Espero que, neste sábado, não esteja passando o filme: "O império
contra-ataca". Prefiro voltar à leitura de Alencar, que leio a
conta-gotas. Melhor voltar a falar de Manaus, de Bach, Beethoven. Chega
de tragédia! Meu medo não é do terror, mas da reação americana, sempre
exagerada. Está todo mundo falando em ódio, em vingança. "O ódio não
cura o ódio", diz um provérbio budista. "Cura-se o ódio com amor".
Buscam-se culpados fora. Às vezes estão dentro de nós. No nosso coração.
Mas é melhor hoje relaxar, que a crônica, bem ou mal, está escrita. Ufa!

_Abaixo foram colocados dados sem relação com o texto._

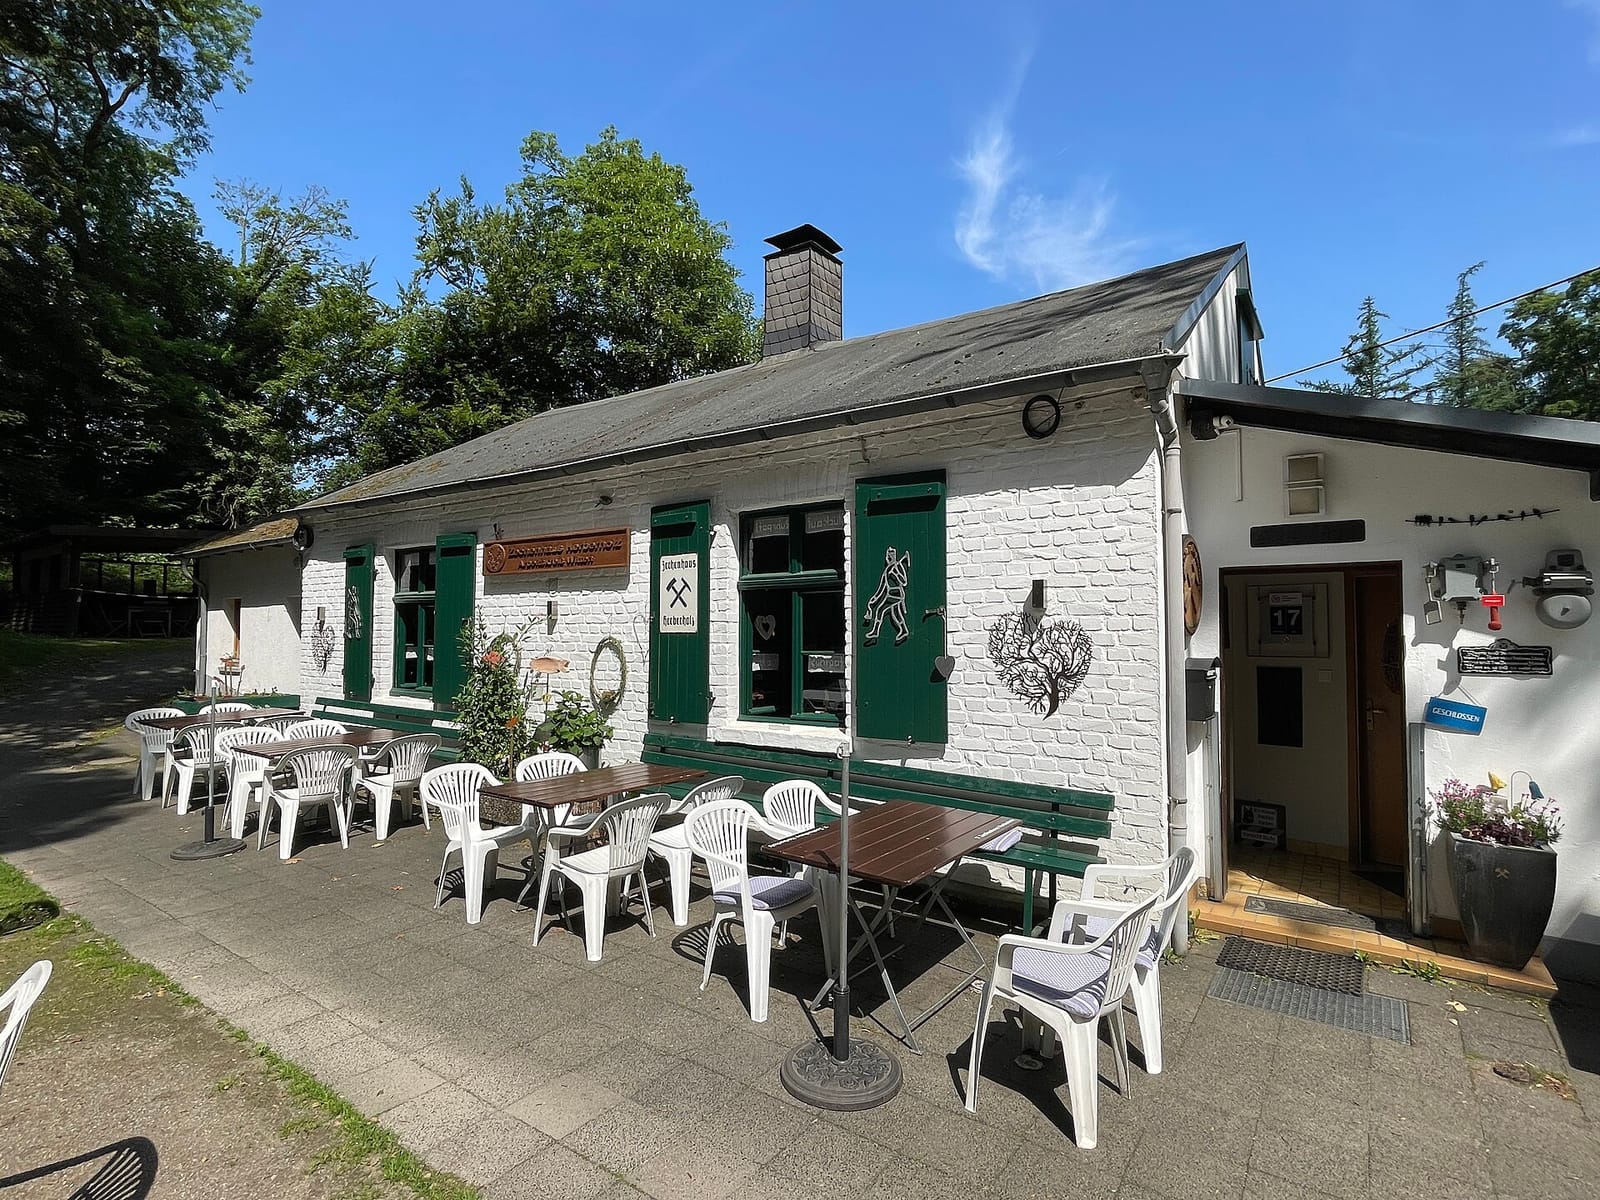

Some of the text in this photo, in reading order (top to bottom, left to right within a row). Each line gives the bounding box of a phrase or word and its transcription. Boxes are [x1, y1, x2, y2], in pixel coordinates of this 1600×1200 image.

[661, 559, 697, 572] Zechenhaus
[662, 615, 696, 628] Herberholz
[1273, 609, 1301, 626] 17
[1432, 707, 1481, 723] GESCHLOSSEN
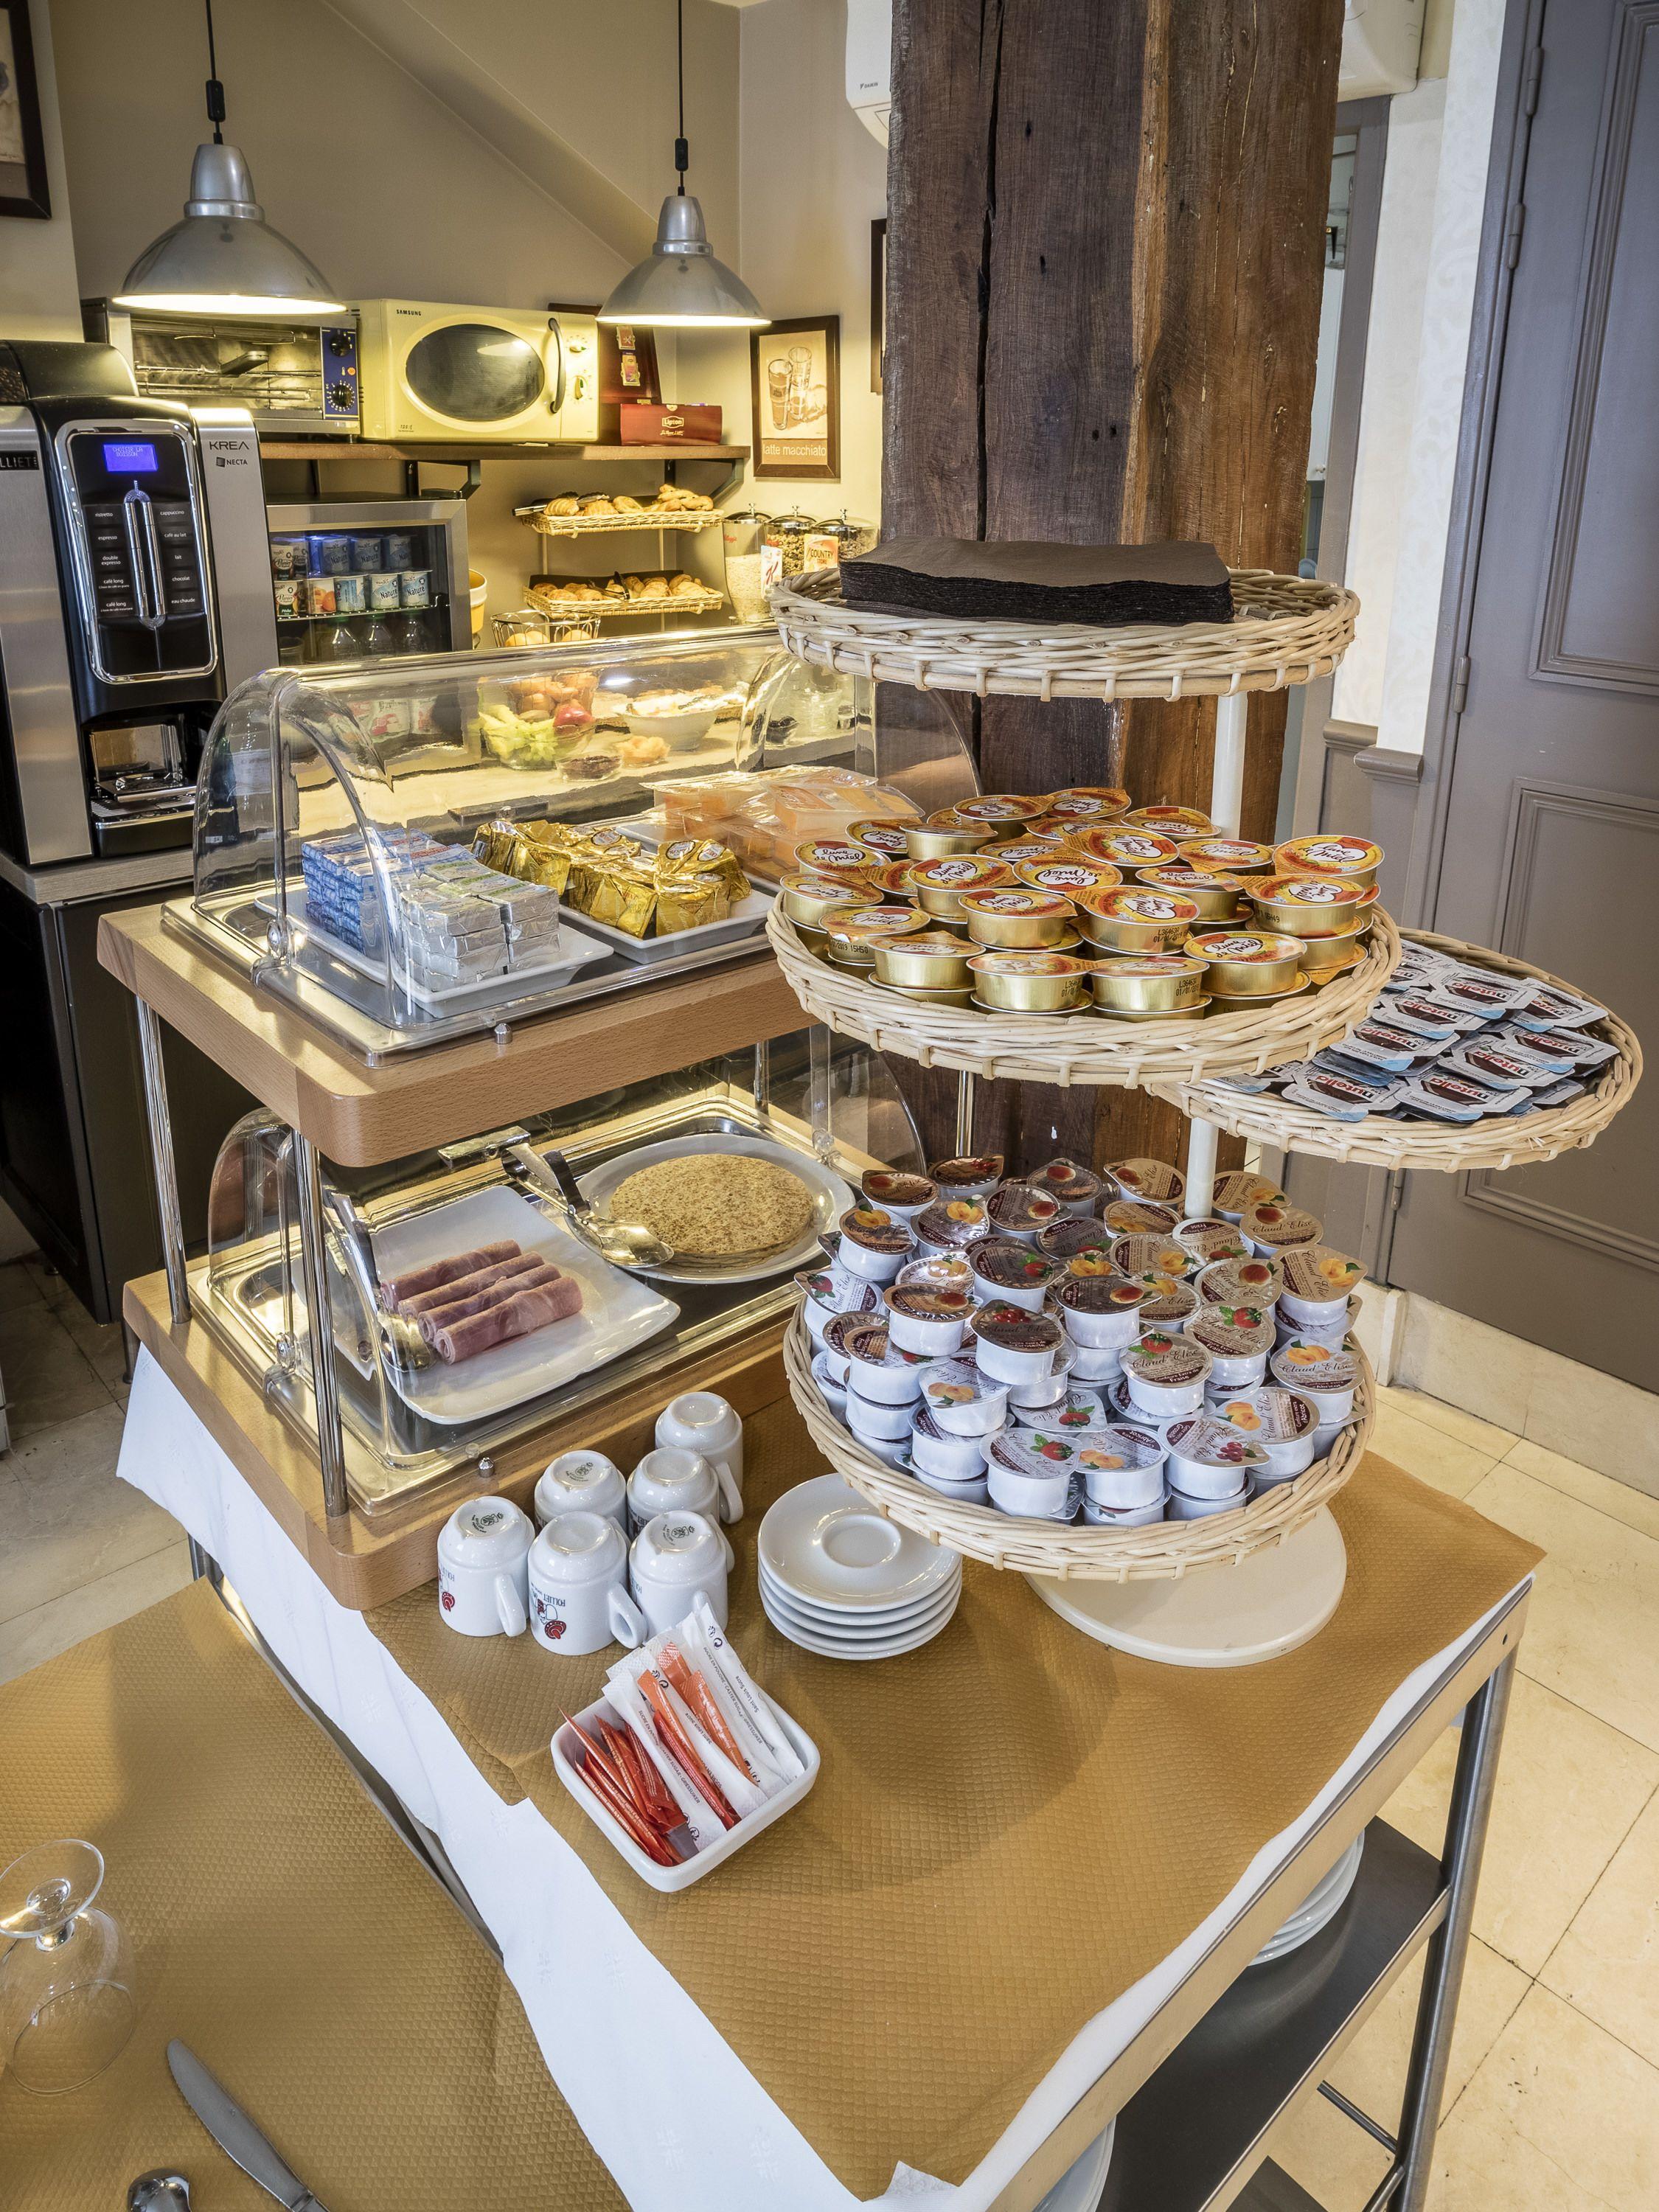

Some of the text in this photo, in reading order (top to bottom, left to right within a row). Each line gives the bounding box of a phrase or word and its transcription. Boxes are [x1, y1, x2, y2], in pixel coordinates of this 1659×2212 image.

Arafat doando sangue significa "nós temos dado o nosso sangue na guerra
para defender a existência do Estado Palestino". O sangue dos
inocentes não justifica o sangue dos inocentes. Se os Estados Unidos
forem à guerra, terão caído na armadilha preparada pelos terroristas. É
isso exatamente o que eles querem: a guerra. Esses aviões-bombas
atingiram a todos nós, de quaisquer nacionalidades, que sonhamos com a
paz. Diante de toda essa desgraça tenho voltado a um longo poema,
escrito em 1963, que nunca publiquei, porque nunca julguei acabado, mas
alguns versos transcrevo:
sensação de que tudo estava excluído para
quando entrou experimentou logo
a solidão daquele espaço vazio
atravessando a área descobriu no outro
o lado o disfarce a saída que apontava
uma estrada que partia sempre
ninguém passa por aquela estrada
só os inúteis demônios
descortinava o vale as grandes montanhas além
morcegos de vento passavam por ali idos
musguentos estrídulos chiados estilhaços
quebravam o ar seus gritos suas
negras asas cobrem o sol a lua estrelas
ouço o trinar grave e reto
de certas aves ocultas travo rouco baixo e grave
um monstro, seu arquejar forte seu resfolegar
abre um túnel de torpor e medo as abas da morte
se abrem par em par e rolando aquela parte
se postou para frente, oh estrada! quando vinha
soturno a triste impressão que navegava
a luz da morte seus faróis naquela parte
obscura e perdida onde ocorria tudo
chamado vento sangue não sei o quê.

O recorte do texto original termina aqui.